G protein-coupled estrogen receptor/miR-148a/human leukocyte antigen-G signaling pathway mediates cell apoptosis of ovarian endometriosis

The focus of the current study was a G protein-coupled estrogen receptor (GPER)/microRNA (miR)-148a/human leukocyte antigen-G (HLA-G) signaling pathway in ovarian endometriosis. Reverse transcription-quantitative polymerase chain reaction was performed to analyze the changes in miR-148a expression. A MTT assay, flow cytometry and caspase-3/9 activity assays were performed to analyze cell proliferation, apoptosis and caspase-3/9 activity levels, respectively. Protein expression was measured using western blot analysis. In tissue samples from healthy controls, and patients with endometriosis and endometriosis-associated ovarian cancer, the expression of miR-148a was lower in in endometriosis and EAOC samples compared with healthy controls.

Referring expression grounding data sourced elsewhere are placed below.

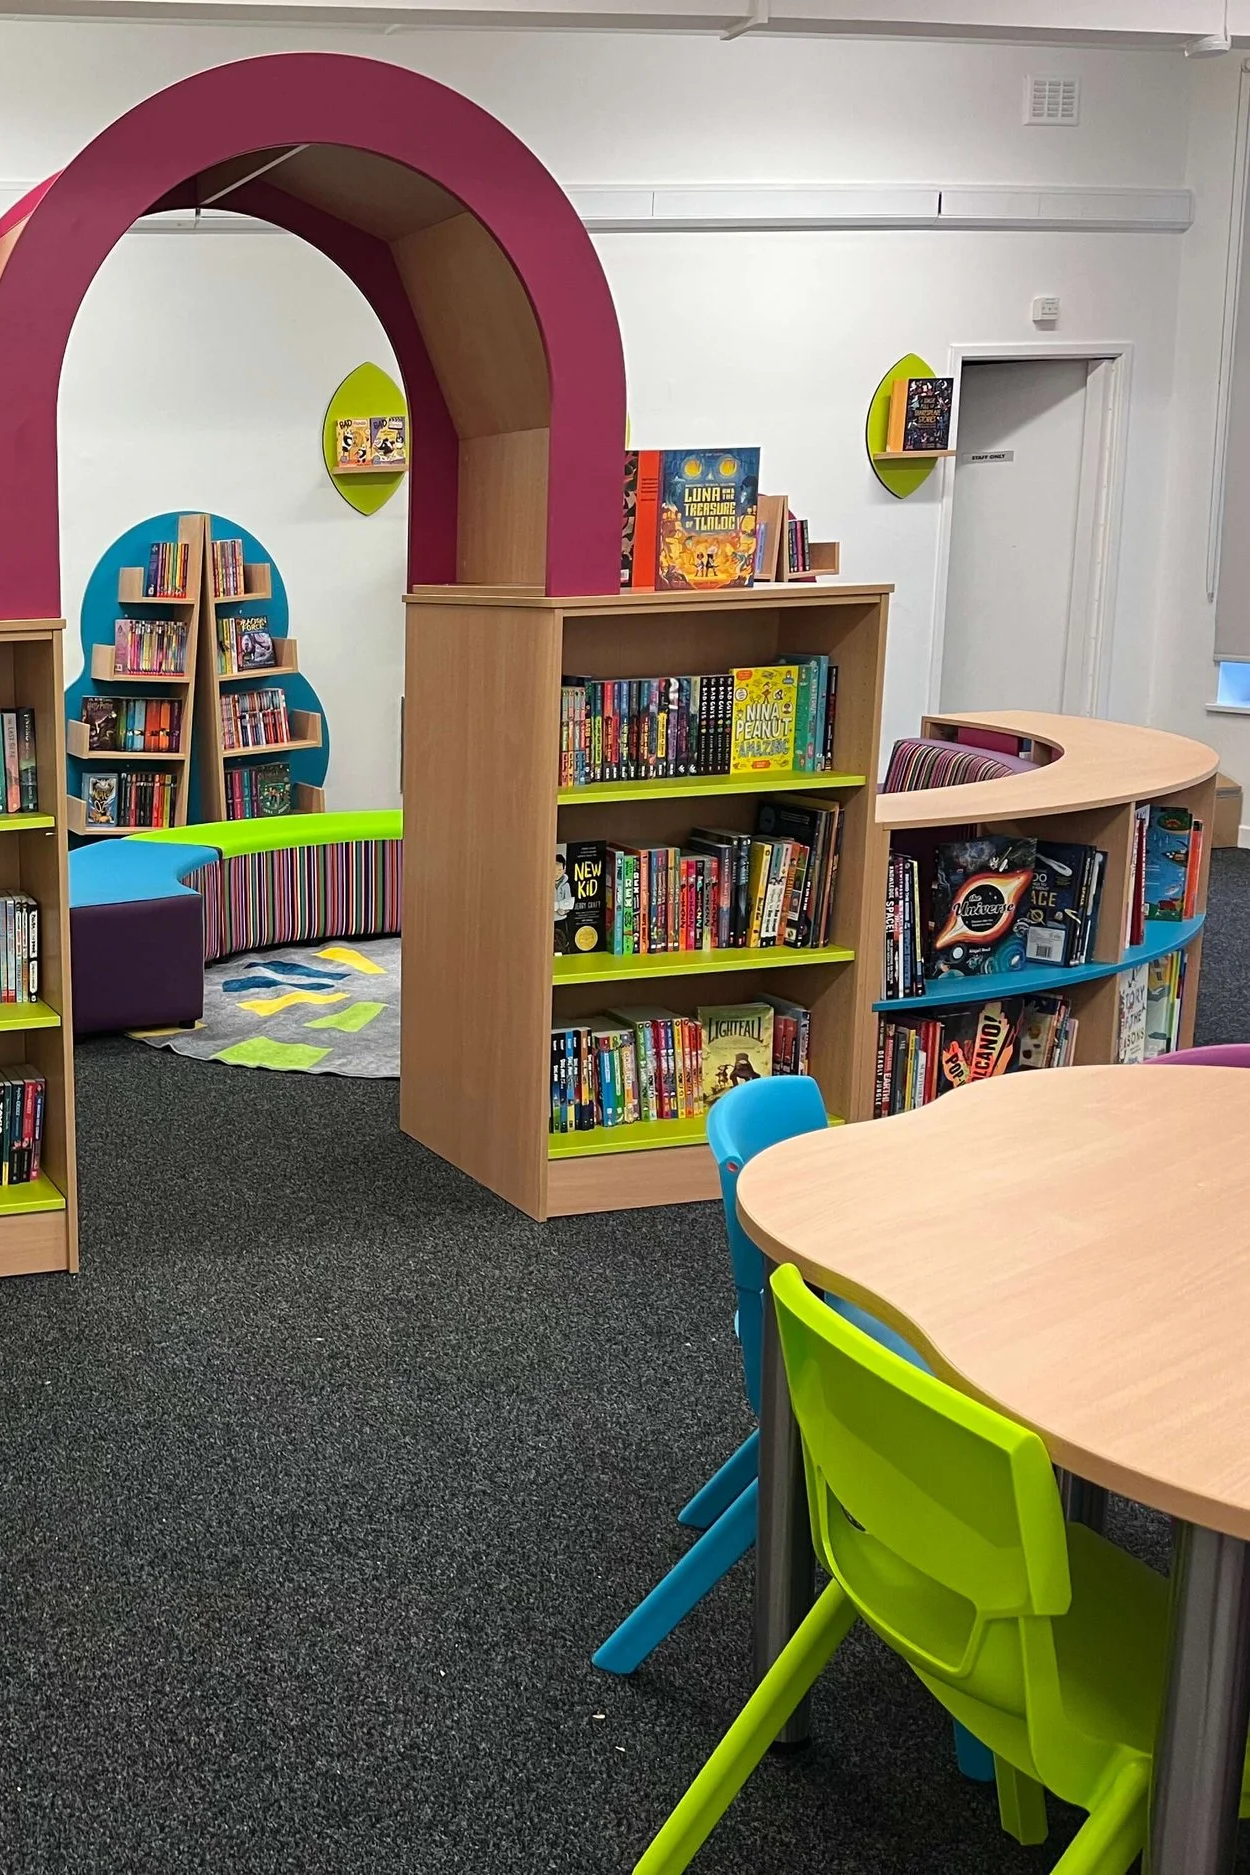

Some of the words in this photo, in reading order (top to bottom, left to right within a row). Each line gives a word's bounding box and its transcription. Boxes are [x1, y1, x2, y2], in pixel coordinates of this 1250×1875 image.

[339, 420, 352, 430] BAD
[684, 487, 720, 502] LUNA
[684, 502, 736, 516] TREASURE
[694, 516, 736, 530] TLALOC
[746, 702, 780, 720] NINA
[736, 718, 792, 740] PEANUT
[574, 860, 602, 882] NEW
[625, 878, 633, 907] REX
[969, 894, 982, 902] the
[885, 901, 894, 933] SPACE!
[952, 901, 1015, 917] Universe
[707, 1015, 765, 1044] LIGHTFALL
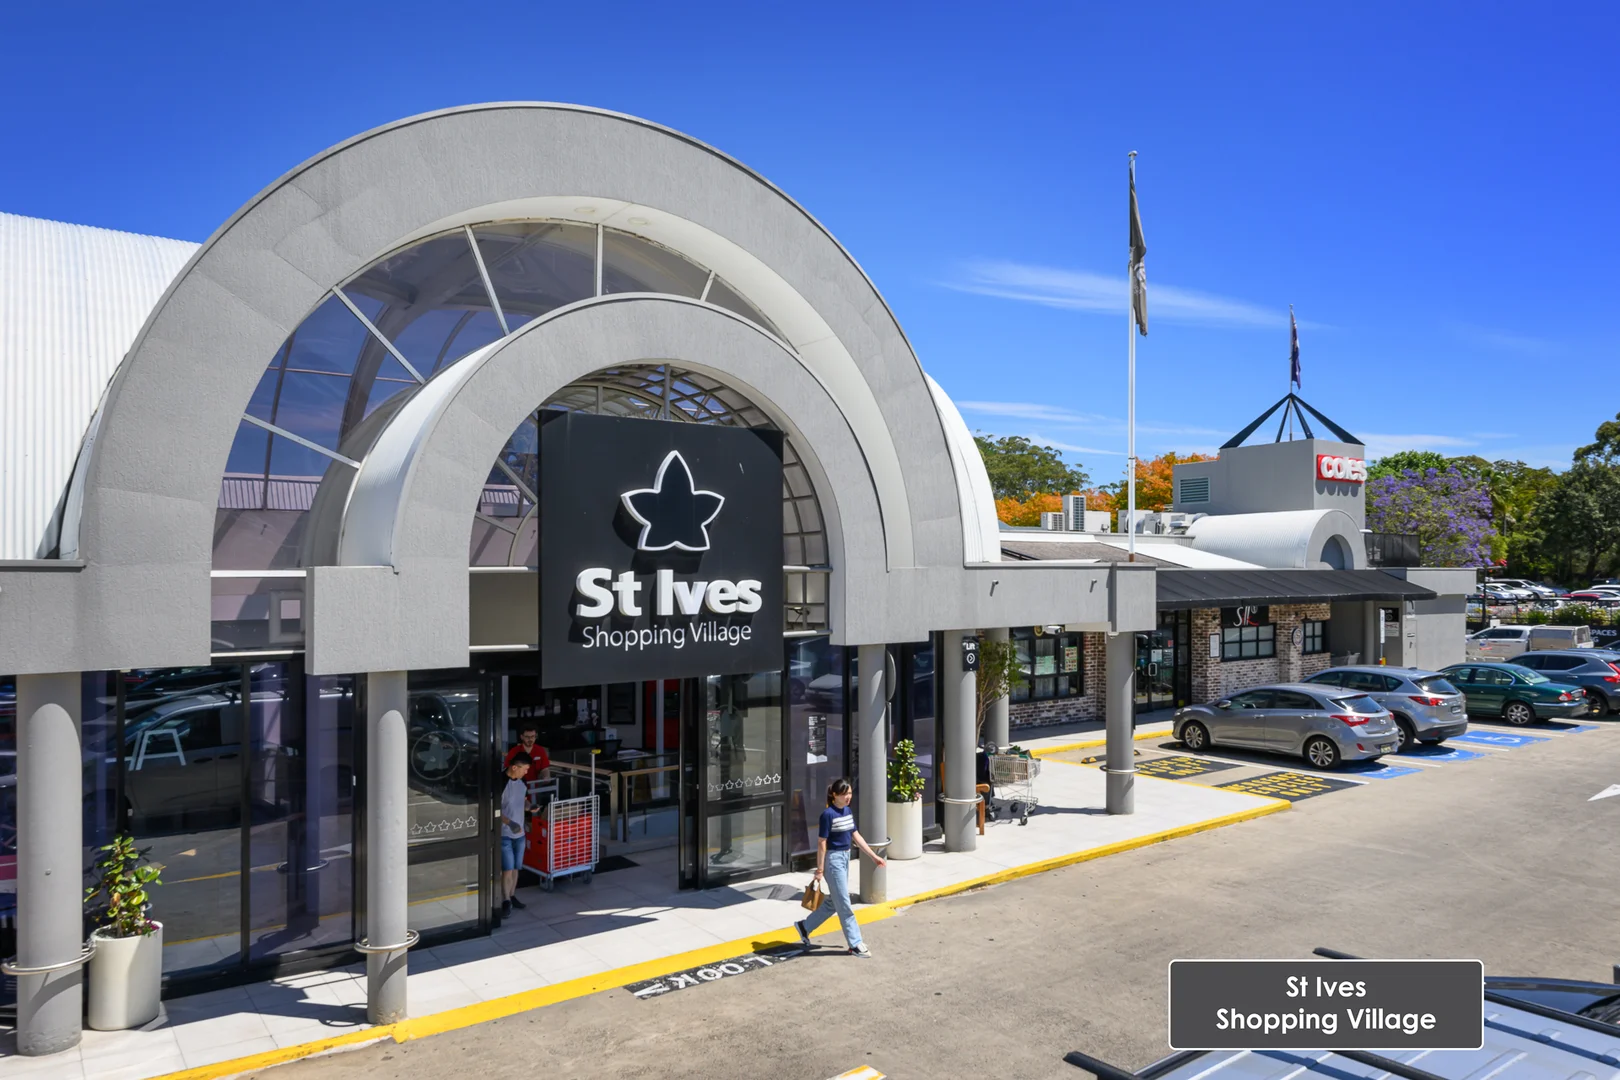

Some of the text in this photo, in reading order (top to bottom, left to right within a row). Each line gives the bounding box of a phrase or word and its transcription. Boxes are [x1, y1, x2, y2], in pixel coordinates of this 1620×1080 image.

[1321, 456, 1368, 482] coles
[576, 567, 762, 618] St Ives
[582, 621, 752, 651] Shopping Village
[668, 956, 773, 989] LOOK

Overexpression of miR-148a using miR mimics significantly decreased proliferation, promoted apoptosis, increased the Bcl-2 associated X apoptosis regulator (Bax)/Bcl-2 apoptosis regulator (Bcl-2) ratio and caspase3/9 activity, and suppressed HLA-G protein expression in Hs 832(C).T cells. miR-148a downregulation using miR inhibitor significantly increased cell viability, inhibited apoptosis, and reduced the Bax/Bcl-2 ratio and caspase3/9 activity, and induced HLA-G protein expression in Hs 832(C).T cells. The GPER inhibitor, G15, suppressed GPER protein expression, upregulated miR-148a expression, decreased cell proliferation, promoted apoptosis, increased the Bax/Bcl-2 ratio and caspase3 activity, and suppressed HLA-G protein expression in Hs 832(C).T cells. The findings indicate that GPERImiR-148a/HLA-G signaling pathway may mediates the development of ovarian endometriosis and may become a potential therapeutic target for the treatment of endometriosis.